MassLive Reports: Coronavirus mask shortage swings UMass costume shop into action

Original story here

By Ron Chimelis | rchimelis@repub.com
Posted Apr 09, 2020

Times of crisis produce true leaders from unexpected sources, and so it is with the University of Massachusetts Department of Theater’s Costume Shop.

When Kristin Jensen and Felicia Malachite of the shop learned that masks were being shifted from facilities such as veterinary clinics to human hospitals to help address the scarcity, they decided to make cloth masks for animal doctors and other non-emergency health care workers. They have so far produced nearly 200 masks, and hope to continue to make at least 100 per week during the pandemic.

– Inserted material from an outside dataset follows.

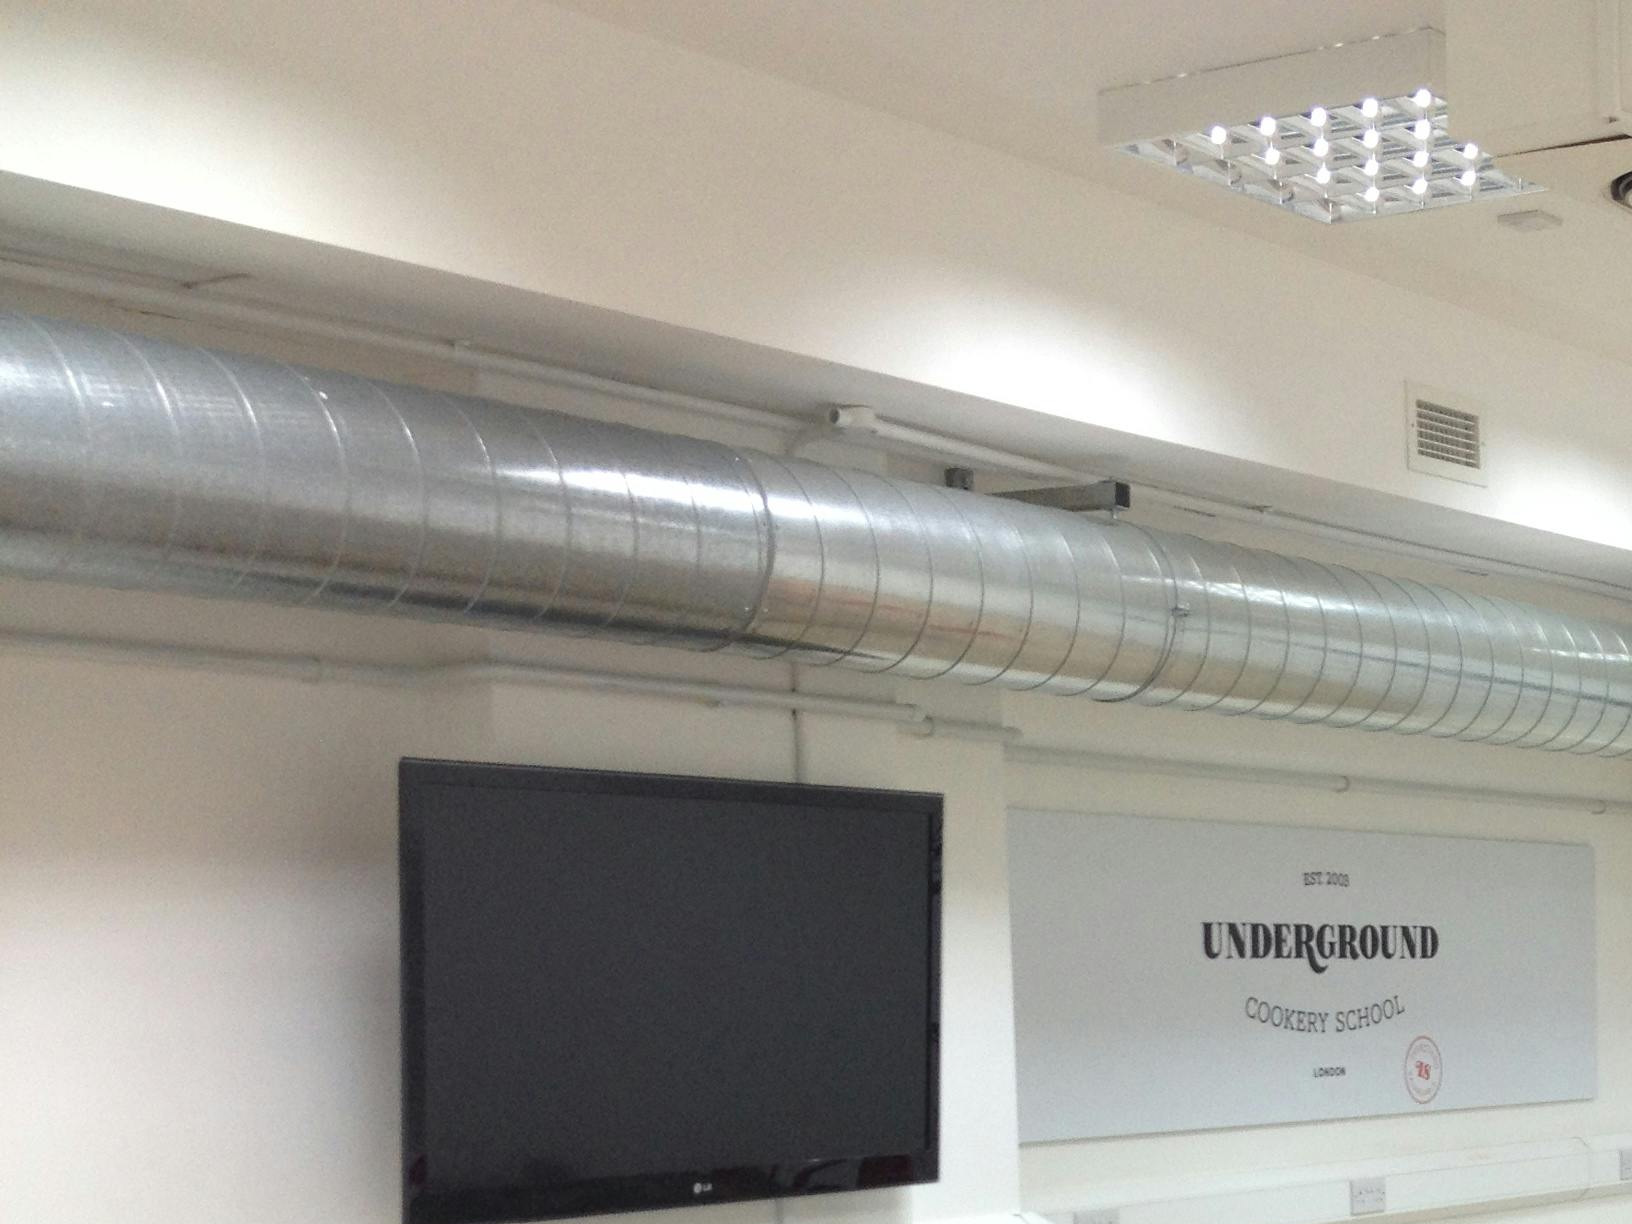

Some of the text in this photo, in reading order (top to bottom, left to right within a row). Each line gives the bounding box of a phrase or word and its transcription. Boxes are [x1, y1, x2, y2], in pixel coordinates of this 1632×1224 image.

[1201, 921, 1440, 975] UNDERGROUND
[1244, 995, 1406, 1034] COOKERY SCHOOL
[1312, 1066, 1347, 1079] LONDON

In addition to local veterinary hospitals, the masks have been distributed to the Hospice of the Fisher Home in Amherst, Amherst Community Connections, Royal Health Group nursing homes, the Western Mass Food Bank, Pioneer Valley Hospice and Palliative Care, the Amherst Survival Center, individual nurses and their colleagues, and various on-site UMass employees who come to campus.

“Kristin and Felicia run our extraordinary costume shop, and this undertaking of theirs – not just crafting the masks but personally arranging for their distribution – is totally in keeping with their dedication, kindness, professionalism and community orientation. And courage,” said Harley Erdman, chair of the Department of Theater, which is housed in the College of Humanities and Fine Arts.

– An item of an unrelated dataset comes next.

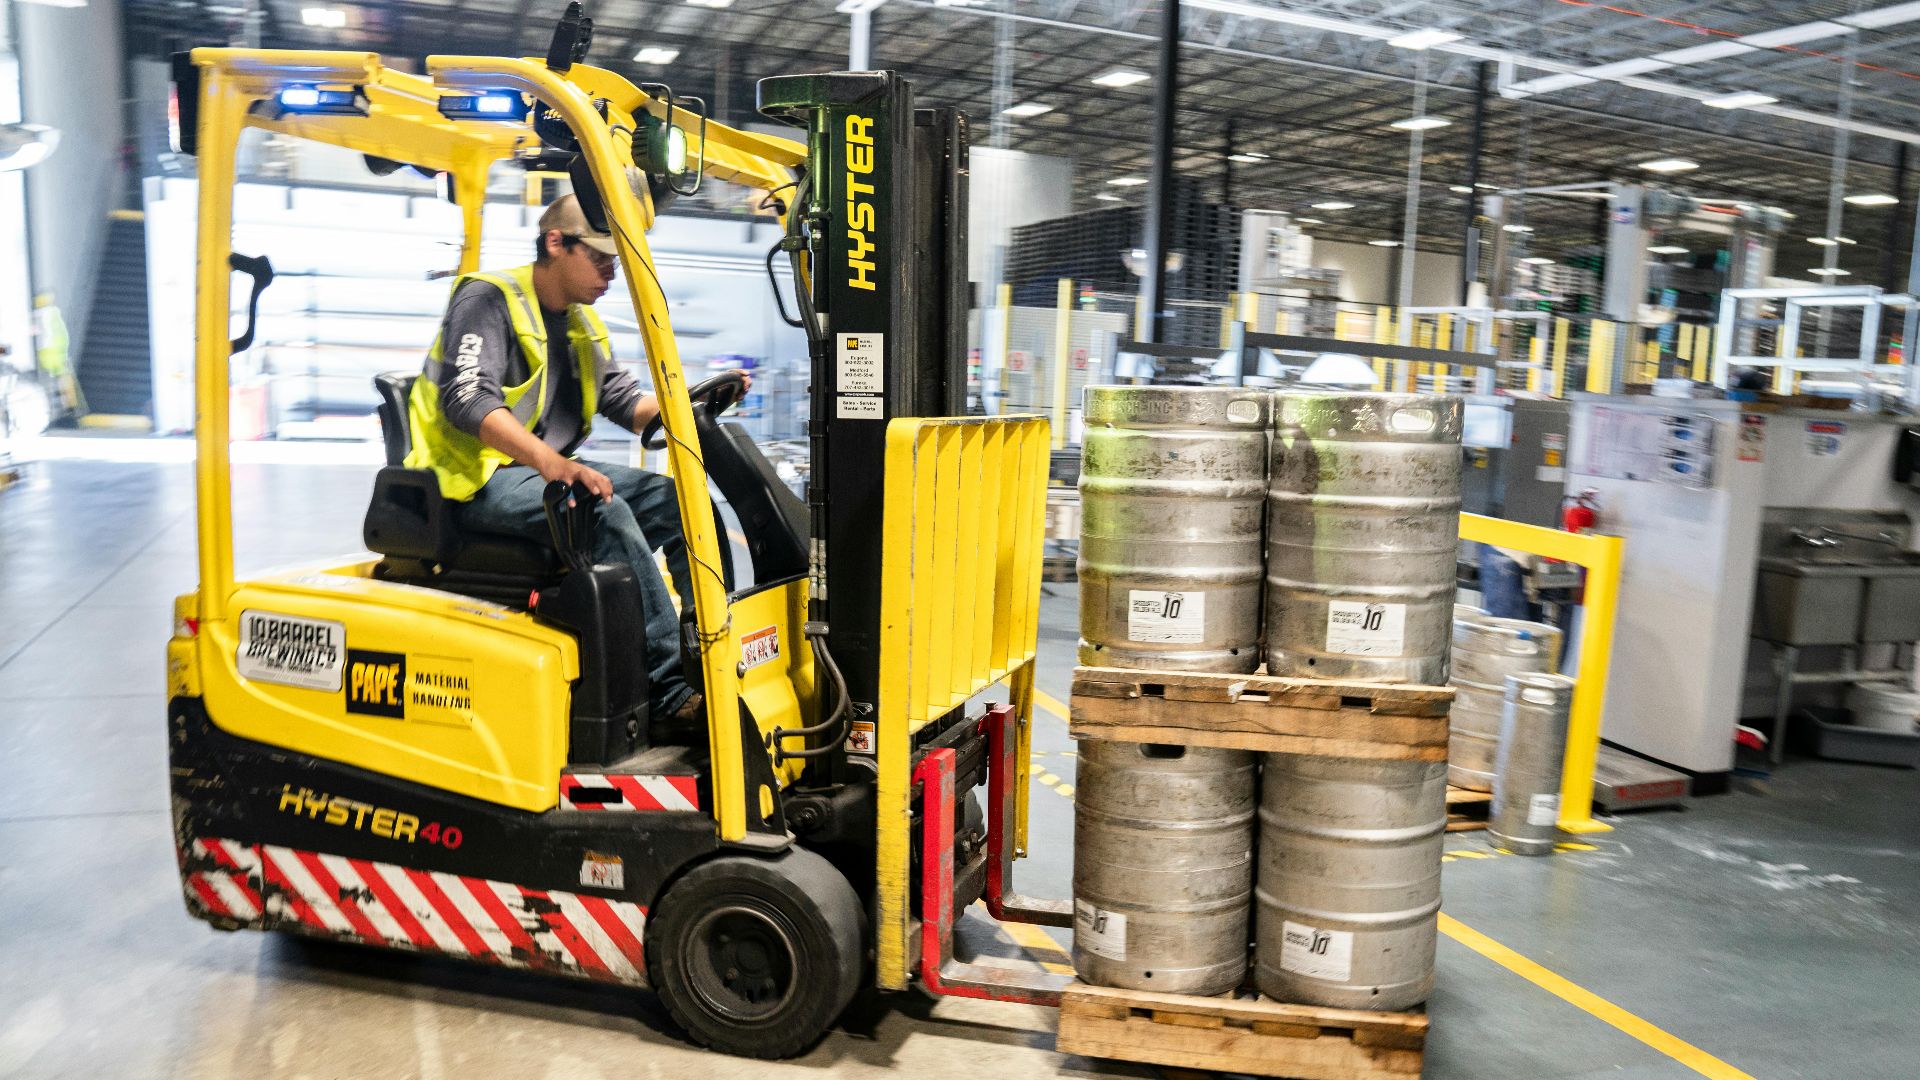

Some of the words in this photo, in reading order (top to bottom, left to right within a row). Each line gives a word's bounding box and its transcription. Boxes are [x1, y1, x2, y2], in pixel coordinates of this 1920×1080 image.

“It is why our costume shop is a place all our students want to work. They are also master technicians in everything they make. They pour tender loving care into everything.”

All theater performances for the semester are canceled, and the campus has been closed as academics have shifted to remote learning. Jensen and Malachite gathered materials from the department to create the handmade masks from their own homes.

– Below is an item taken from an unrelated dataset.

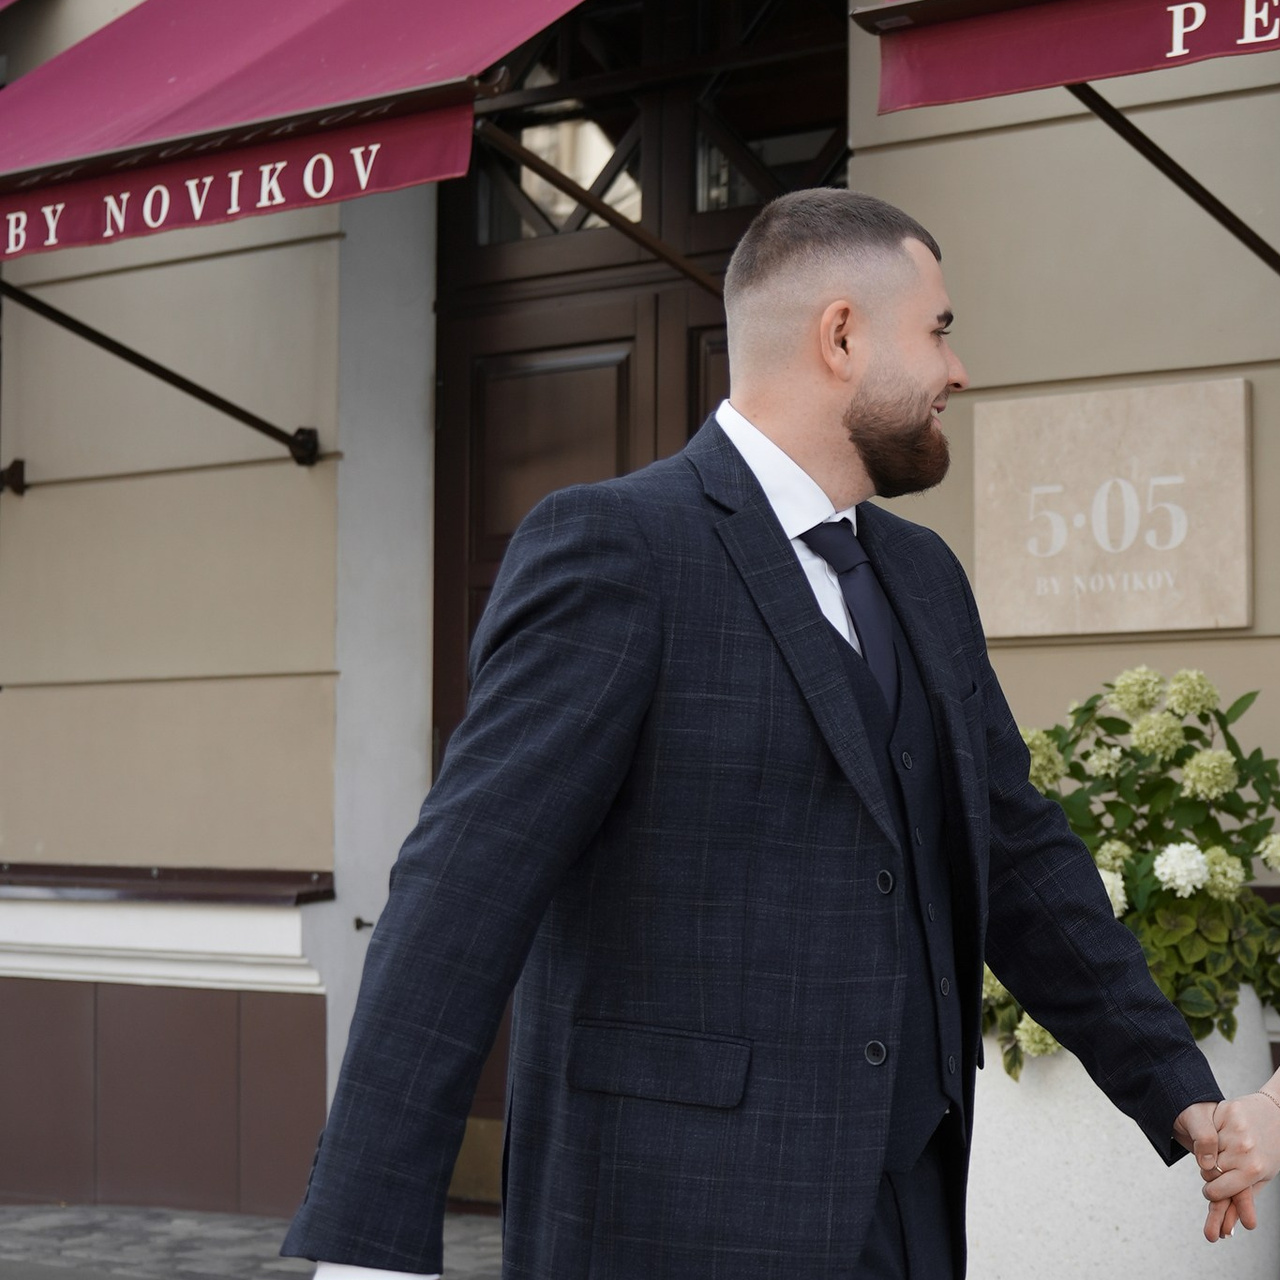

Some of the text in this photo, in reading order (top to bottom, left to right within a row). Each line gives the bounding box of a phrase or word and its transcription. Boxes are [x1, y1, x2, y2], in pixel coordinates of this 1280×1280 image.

[5, 143, 382, 255] BY NOVIKOV
[1035, 569, 1177, 597] BY NOVIKOV

“Felicia and I first started making masks on our own during spring break week, the third week of March, when the nationwide need of face masks was becoming so apparent,” Jensen said.

“It just made sense to do this as we have the skills and the materials. By the end of that week, it was clear that this work needed to continue as the need was growing and would continue to grow, and thus, the group project began.”

With the assistance of three graduate students, the designers wanted to get the masks out to the community as effectively and efficiently as possible. Graduate student Mikayla Reid communicated with several organizations to assess needs and plan distribution.

Some organizations needed immediate help. Others thought they were in good shape but found they needed more.

These masks are not intended to replace N95 masks, but that they are still of great value in a healthcare setting for use by patients and employees who would not ordinarily wear a mask. This allows facilities to reserve the N95s for the doctors and nurses.

Jensen says their masks are in high demand by organizations whose employees and volunteers interact with the public.

“We have been making both fitted masks and pleated masks. They are made of pre-washed tightly woven cotton fabrics, and include an opening for the user to insert a filter if they choose,'' Malachite said.

“We aim to honor requests of recipients. Most include a soft strip of wire enclosed within the top edge seam that can be shaped across the bridge of the nose for a closer fit.

"We have been using either elastic or fabric ties, but we have learned that most groups prefer fabric ties as they are more comfortable for someone wearing a mask over an extended period of time. Some have requested a third layer of fabric and several have asked that we not launder them after construction, as they would prefer to sterilize them on location.”

“Everyone has been so thankful, and it feels good to be able to serve the community in this way. We will continue this effort for as long as there is a need,'' Jensen said.